Возвращение князя
ЖЗЛ
«СМ-Украина»
Возвращение князя
Феликс Зинько
журналист
Одесса
3838
Возвращение князя
Фотография из следственного дела Мирского. Июнь 1937 года. Номер заключенного: 69979

Дмитрий Петрович Святополк-Мирский. Имя это в нашей отечественной литературе сегодня основательно забыто. Потомственный князь, офицер белой гвардии, писатель. Блистательный литературный критик, человек, принявший коммунистические идеи и репрессированный советскими властями в страшно памятном 1937-м.

«…ВЕЗДЕ РУССКИЙ СОХРАНЯЕТ СВОЮ ДУШУ»

Его отец — князь Петр Дмитриевич Святополк-Мирский, был мини стром внутренних дел России, мать — урожденная графиня Бобринская. Ребенка они возили в Англию с шести лет с гувернантками. Он писал отцу: «Я нимношка могу читать по-английски». В 1907 году семью посетил английский писатель Беринг. Он вспоминал: «…Сын моего хозяина, школьник 17 лет от роду, однако знакомый уже с литературой на семи языках, автор как английских, так и русских стихов…»

Петр Дмитриевич Святополк-Мирский окончил 1-ю петербургскую гимназию и поступил в Петербургский университет. Однако курса не окончил — в 1908 году поступил во Владимирское военное училище и стал подпоручиком в лейб-гвардии.

В 1913 году ушел в запас и сдал экстерном университетский курс.

Участвовал в Первой мировой войне, был ранен, награжден боевыми орденами. В гражданскую служил в штабах белых армий на юге. Однако, когда его часть была интернирована в Польше, и ее намеревались отправить морем в Крым к Врангелю, Мирский уехал в Грецию, где в то время находилась мать с сестрами. Оттуда он написал Берингу: «Возможно, ты знаешь, что все мои мысли всегда были связаны с литературной деятельностью. Я начал писать книгу на французском о французской поэзии.

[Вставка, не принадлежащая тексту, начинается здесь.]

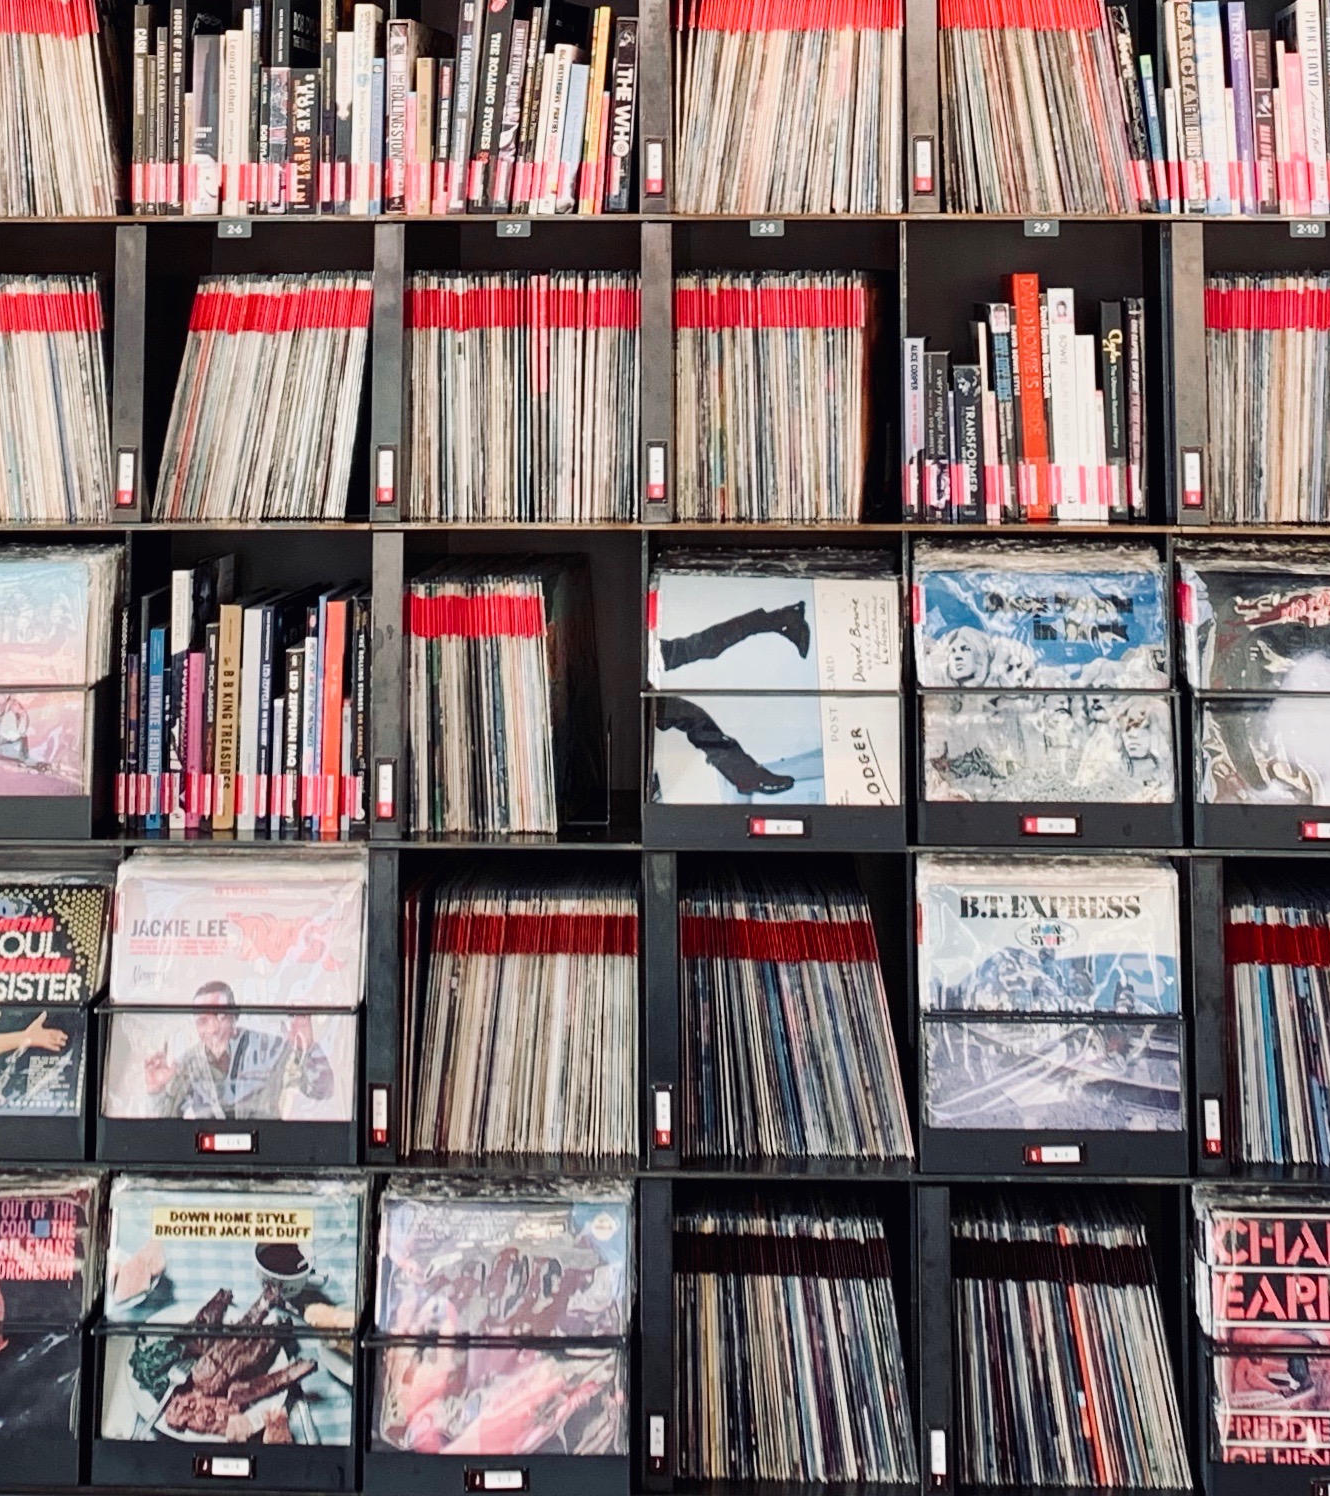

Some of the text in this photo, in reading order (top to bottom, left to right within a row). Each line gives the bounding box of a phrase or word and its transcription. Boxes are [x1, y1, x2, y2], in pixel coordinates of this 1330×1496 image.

[135, 28, 147, 54] CASH
[173, 9, 182, 73] HOUSE OF CASH
[1177, 4, 1197, 105] GARCIA
[1304, 11, 1319, 86] PINK FLOYD
[228, 39, 238, 114] Leonard Cohen
[459, 35, 472, 112] THE ROLLING STONES
[480, 32, 501, 149] THE ROLLING STONES
[612, 69, 633, 157] THE WHO
[910, 345, 918, 391] ALICE COOPER
[935, 376, 945, 396] very
[935, 398, 945, 431] irregular
[937, 434, 946, 455] head
[965, 406, 978, 493] TRANSFORMER
[222, 692, 233, 718] KING
[286, 671, 299, 767] LED ZEPPELIN FAQ
[220, 725, 233, 789] TREASURES
[130, 918, 228, 938] JACKIE LEE
[0, 1201, 77, 1220] OUT OF THE
[155, 1225, 216, 1238] BROTHER
[219, 1225, 252, 1238] JACK
[276, 1225, 314, 1239] DUFF
[169, 1210, 297, 1225] DOWN HOME STYLE

Я готовлю также серию эссе о современных русских писателях, не очень известных». Беринг пристроил его опусы в 1920 году в журнал «Лондонский Меркурий». Петр Дмитриевич перебрался в Англию и стал профессиональным эссеистом в местной печати, получил доцентуру по русской литературе в Королевском колледже. Он рассматривал отечественную литературу в СССР и в зарубежье — как единое целое, сожалел, что политическое озлобление не позволяет многим критикам зарубежья «в большевике увидеть человека». Он ценил блоковские «Двенадцать», «изумительную словесную постройку» поэмы «Крысолов»  Цветаевой, «блеск, разнообразие и органичность ритмического построения» в поэме Николая Тихонова «Красные на Араксе». Святополк Мирский писал, что в стихах Есенина «…есть особое очарование, какая-то особая трогательность, которая так влечет к нему и заставляет так человечески его любить. Кроме той тоски, за которую русский человек все прощает, в Есенине есть еще огромный запас человеческой нежности. Она особенно заразительная в его чудных стихах о животных… Нигде, может быть, тоска Есенина не звучит так ясно, как в «Пугачеве». За эту тоску мы и любим Есенина». «Не любить Есенина для русского читателя — признак или слепоты, или, если он зряч, какой-то несомненной моральной дефективности».

Розанов писал: «Везде русский в «западничестве» сохраняет свою душу…».

В 1928 году Святополк-Мирский поехал к Горькому в Сорренто. Беседы с этим, тогда уже знаменитым и признанным как читающей публикой, так и властями, писателем сыграли огромную роль в его дальнейшей жизни. Они стали переписываться. В Париже Петр Дмитриевич подружился с Бабелем и Эренбургом.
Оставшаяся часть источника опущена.